Thankfully, commonsense prevailed in the Advertising Standards Bureau and the complaints were dismissed, allowing the ‘Hunter by Choice’ public campaign to continue, with billboards subsequently featuring in Victoria, Queensland, New South Wales, Western Australia and Tasmania. The Western Australian billboard, the most recent to appear, generated much press and controversy for the SSAA and hunting, but unfortunately, it was subjected to vandalism. In a move to test the waters, the SSAA opted to replace the image with another of a female hunter, with the poster running out its course without further graffiti.
In an effort to further promote the good work of hunters around the country, SSAA National provided $16,000 in prizes for each SSAA state and territory branch to award to an adult and junior ‘Hunter of the Year’. The branches are in various stages of awarding these prizes, and the awards have been celebrated at a local level with much fanfare.
Promoting a message of legitimacy is not new for the SSAA, but rather, forms part of an ongoing campaign to assist our members in dealing with the negative aspects they quite often have to confront about their chosen pastime.
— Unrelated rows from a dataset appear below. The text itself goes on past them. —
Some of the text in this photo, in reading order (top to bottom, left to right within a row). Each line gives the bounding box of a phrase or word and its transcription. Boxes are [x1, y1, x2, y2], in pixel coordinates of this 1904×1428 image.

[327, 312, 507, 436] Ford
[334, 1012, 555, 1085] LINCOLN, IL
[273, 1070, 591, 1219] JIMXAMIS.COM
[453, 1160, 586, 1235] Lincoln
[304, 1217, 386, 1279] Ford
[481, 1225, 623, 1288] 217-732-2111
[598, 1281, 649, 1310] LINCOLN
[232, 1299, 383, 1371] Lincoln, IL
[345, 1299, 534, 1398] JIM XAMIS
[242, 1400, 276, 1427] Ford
As we have said before, SSAA National is but one voice, but when 80 per cent of our 150,000-strong membership are hunters and able to share the same message with the broader community, we can start to make our presence felt. To this end, we are working to include all members’ email addresses on our database, so we can quickly alert you to action. SSAA National President Dean Mighell is passionate about ensuring all members are kept up to date about firearms legislation and target shooting- and hunting-related topics.
As our efforts continue into 2014 and beyond, SSAA National Special Project Officer in Hunting Matthew Godson is preparing to take the Queensland SSAA Farmer Assist pilot program to the next stage, to the farmers. A partnership has been struck with AgForce Queensland, and through a number of promotions set to begin shortly, farmers will be informed and encouraged to list their hunting jobs for SSAA Queensland members to fulfil.
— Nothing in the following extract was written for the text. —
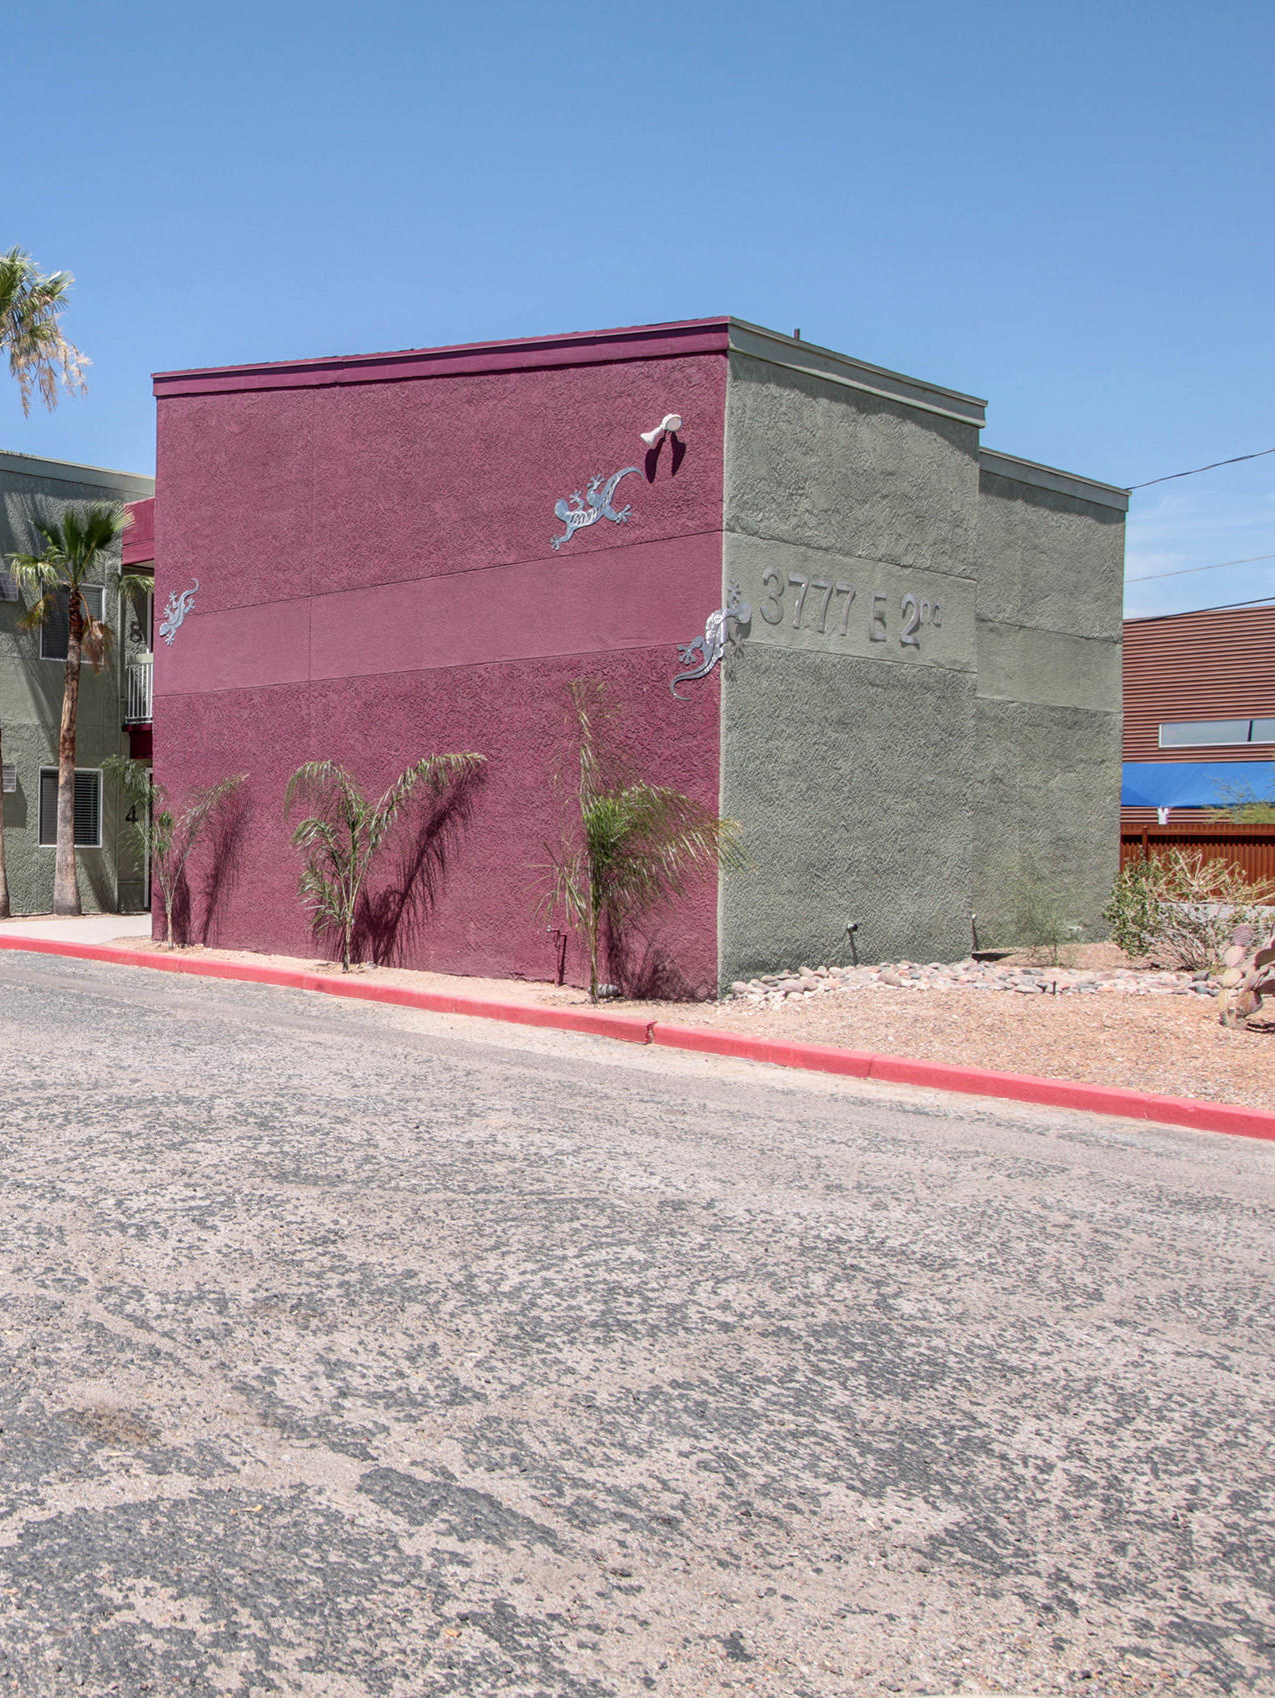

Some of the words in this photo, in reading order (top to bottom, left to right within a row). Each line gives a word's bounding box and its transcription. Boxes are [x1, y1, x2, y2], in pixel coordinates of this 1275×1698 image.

[760, 566, 855, 635] 3777
[869, 591, 887, 642] E
[130, 621, 143, 643] 8
[125, 805, 138, 823] 4
“SSAA’s Farmer Assist is building to become a tool that will change the ways in which farmers care for their land,” said Matthew. “We are providing an organised service that farmers can use, knowing they will have responsible hunters performing a valuable service, which will ensure the viability of their farming operation and the local environment.”
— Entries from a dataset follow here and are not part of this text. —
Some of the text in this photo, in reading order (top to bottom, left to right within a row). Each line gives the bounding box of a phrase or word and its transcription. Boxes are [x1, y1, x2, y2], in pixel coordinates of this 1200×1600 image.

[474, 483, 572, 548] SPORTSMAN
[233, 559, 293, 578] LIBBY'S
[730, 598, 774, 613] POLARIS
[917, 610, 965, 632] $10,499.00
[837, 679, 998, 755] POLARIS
Matthew is also furthering the support hunting and conservation efforts can receive through the creation of a Conservation and Wildlife Research Trust. This SSAA project is set to allow donations towards conservation projects to be tax deductible and therefore viable for members and the wider community to support.
Our presence within the academic community has been bolstered and will continue to do so, following the release of Associate Professor Dr Graham Hall’s book Ecology and Management of Quail in Australia. This is the biggest step forward in the area of quail research in this country for the past 30 years and adds to the Association’s credibility within the academic sphere. The SSAA continues to work in this area and receives feedback from interested academics through the Expert Advisory Group.